We have given an atomic mass of \[{\rm{Fe}}\] as 56 amu. Atomic mass corresponds to the mass of Avogadro number of atoms (\[{\rm{6}}{\rm{.02}} \times {\rm{1}}{{\rm{0}}^{{\rm{23}}}}\]).
So we can calculate the mass of 4 atoms as follows:
\[\Rightarrow \dfrac{{4{\rm{ atoms }} \times {\rm{ 56 amu}}}}{{{\rm{6}}{\rm{.02}} \times {\rm{1}}{{\rm{0}}^{{\rm{23}}}}{\rm{atoms}}}} = 3.72 \times {10^{ - 22}}{\rm{ g}}\]

Now, using calculate volume and mass we can calculate the density as follows:
\[{\rm{Density = }}\dfrac{{{\rm{mass}}}}{{{\rm{volume}}}}\]
Substitute \[3.72 \times {10^{ - 22}}{\rm{ g}}\] for mass and \[{\rm{6}}{\rm{.4 \times 1}}{{\rm{0}}^{{\rm{ - 23}}}}{\rm{c}}{{\rm{m}}^{\rm{3}}}\] for volume and calculate the density.
\[\Rightarrow {\rm{Density = }}\dfrac{{3.72 \times {{10}^{ - 22}}{\rm{ g}}}}{{{\rm{6}}{\rm{.4 \times 1}}{{\rm{0}}^{{\rm{ - 23}}}}{\rm{c}}{{\rm{m}}^{\rm{3}}}}} = {\rm{ 5}}{\rm{.83g/c}}{{\rm{m}}^{\rm{3}}}\]
Thus, the density of the iron atom is \[{\rm{5}}{\rm{.83g/c}}{{\rm{m}}^{\rm{3}}}\].

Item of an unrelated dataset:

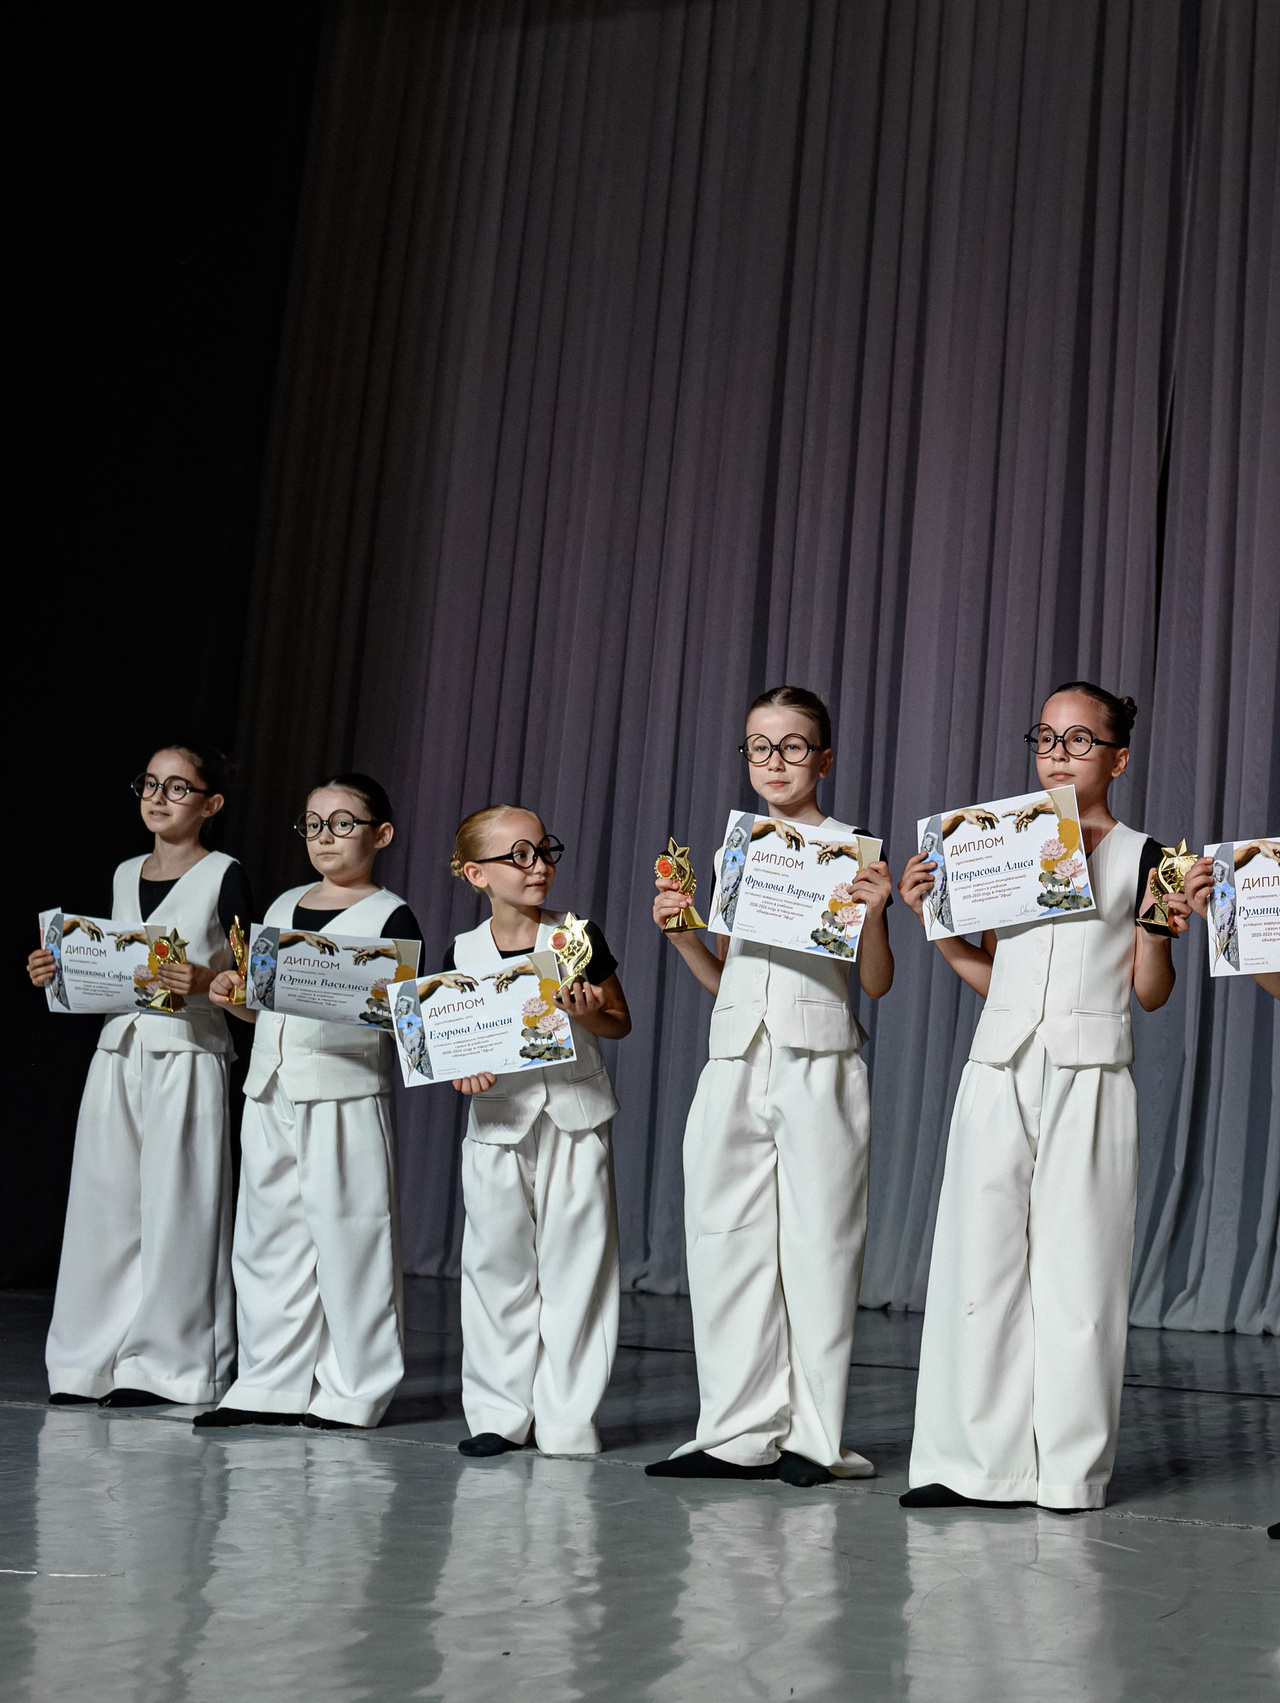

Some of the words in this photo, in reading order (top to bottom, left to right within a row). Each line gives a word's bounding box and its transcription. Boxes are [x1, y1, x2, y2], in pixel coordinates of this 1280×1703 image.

Hence, the correct option is (A) 5.83

Note:
Different unit cells have a different number of atoms so determining the correct type of unit cell is the crucial step in this type of problem. Also the relation between atomic radius and edge length varies with the type of unit cell.